GUTFELD: “He is the most pathetic tool on the face of the earth. And I hope his career is dead, and he ends up sleeping in a car the way his life began. This video only made me want to go out and only buy a gun. He thinks this is biting satire and going after rural America and a dead man. Let’s talk about Charlton Heston. Charlton Heston was one of the first actors to be behind the civil rights movement and march. What did this jackass Jim Carrey do? He was behind the anti-vaccine panic. There are what, 165,000 people that died from measles last year, according to the World Health Organization.”

“Jim Carrey has killed more people than all the rifles combined,” Gutfeld continued. “He is a dirty, stinking coward. He is a moral coward. He did a video attacking rural America.

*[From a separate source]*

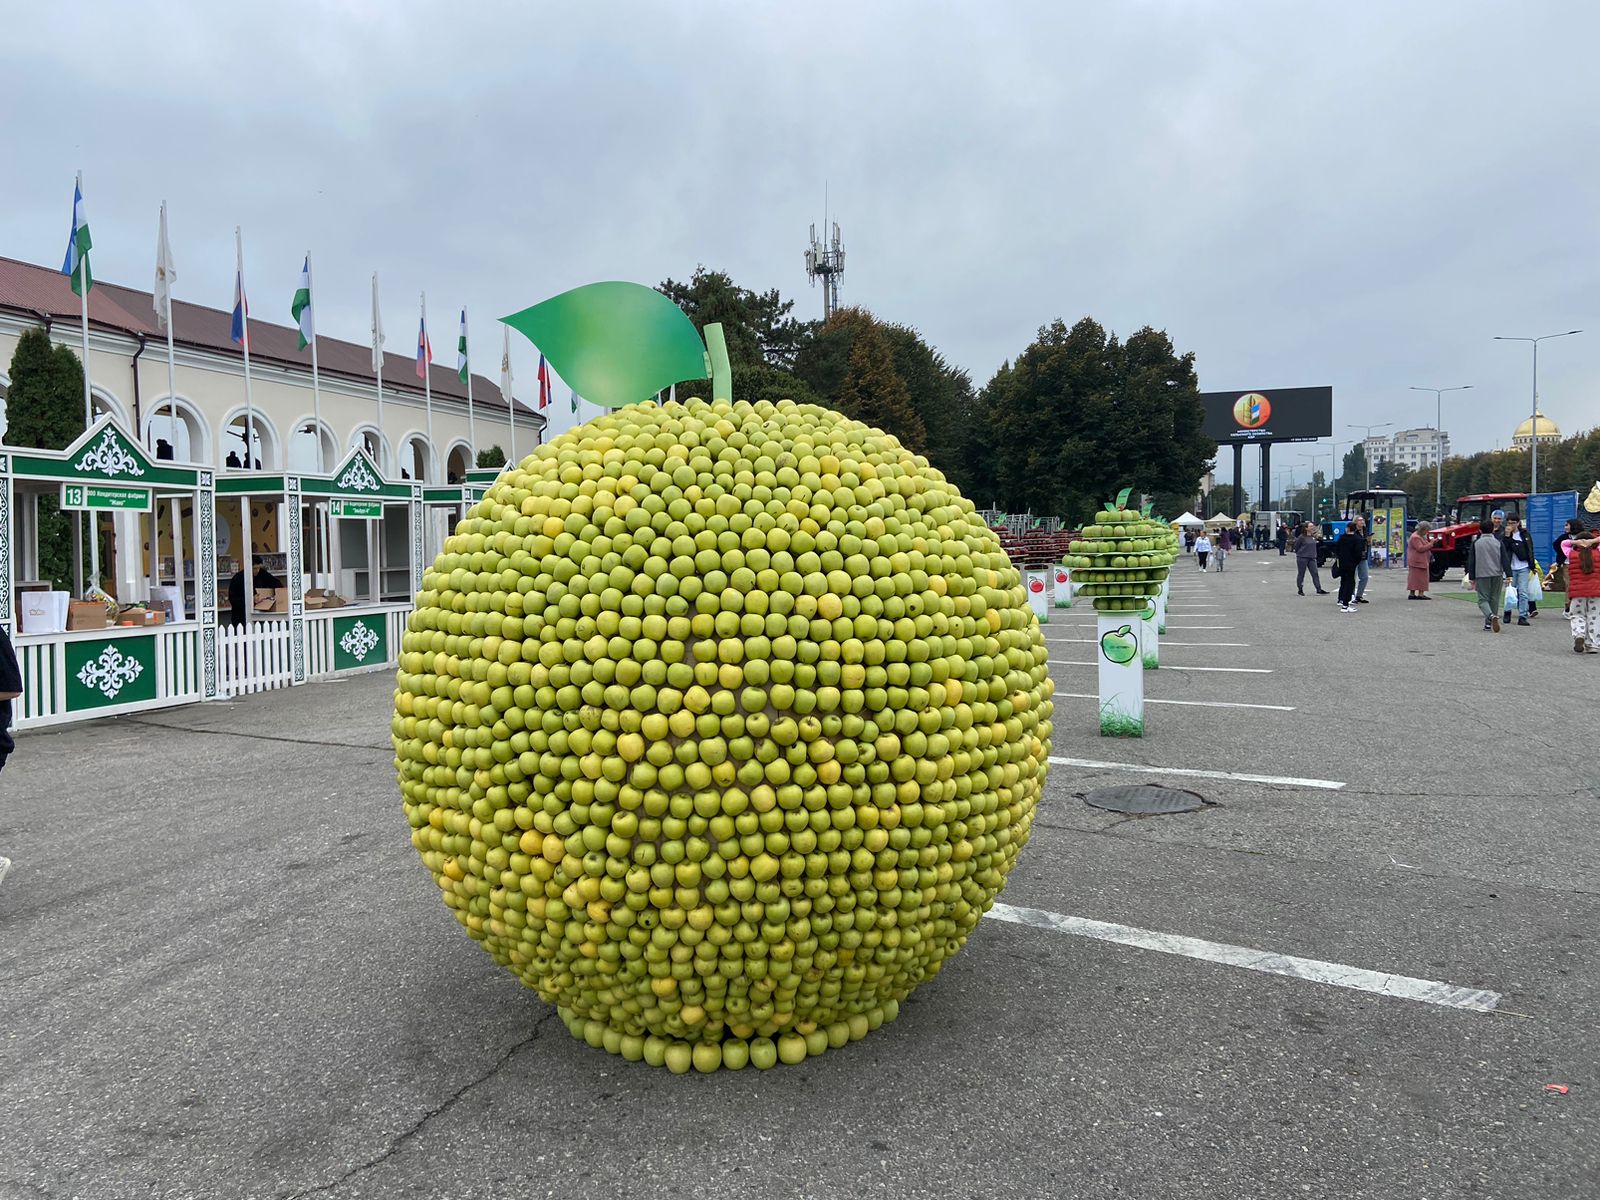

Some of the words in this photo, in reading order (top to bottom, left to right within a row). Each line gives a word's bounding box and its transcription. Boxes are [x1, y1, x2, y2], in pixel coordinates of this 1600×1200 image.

[67, 488, 82, 505] 13
[96, 490, 127, 499] Кондитерская
[127, 492, 146, 500] фабрика
[332, 501, 340, 513] 14

But he wouldn’t do video about gangs, which kills way more people with handguns — he wouldn’t do that because he is worried about his career. Such a pathetic, sad, little freak. He is a jiberring mess. He is a modern bigot, he is a modern bigot. He is a bottomless pit of insecurity and the desire for acceptance is why he is doing this, because he knows in his heart he is a fraud.”

Dana Perino chirped in that Carrey was attacking rural America, while Eric Bolling saw it as self-promotion. Token liberal Bob Beckel wondered why "a foreigner" (Jim Carrey is Canadian) was commenting at all.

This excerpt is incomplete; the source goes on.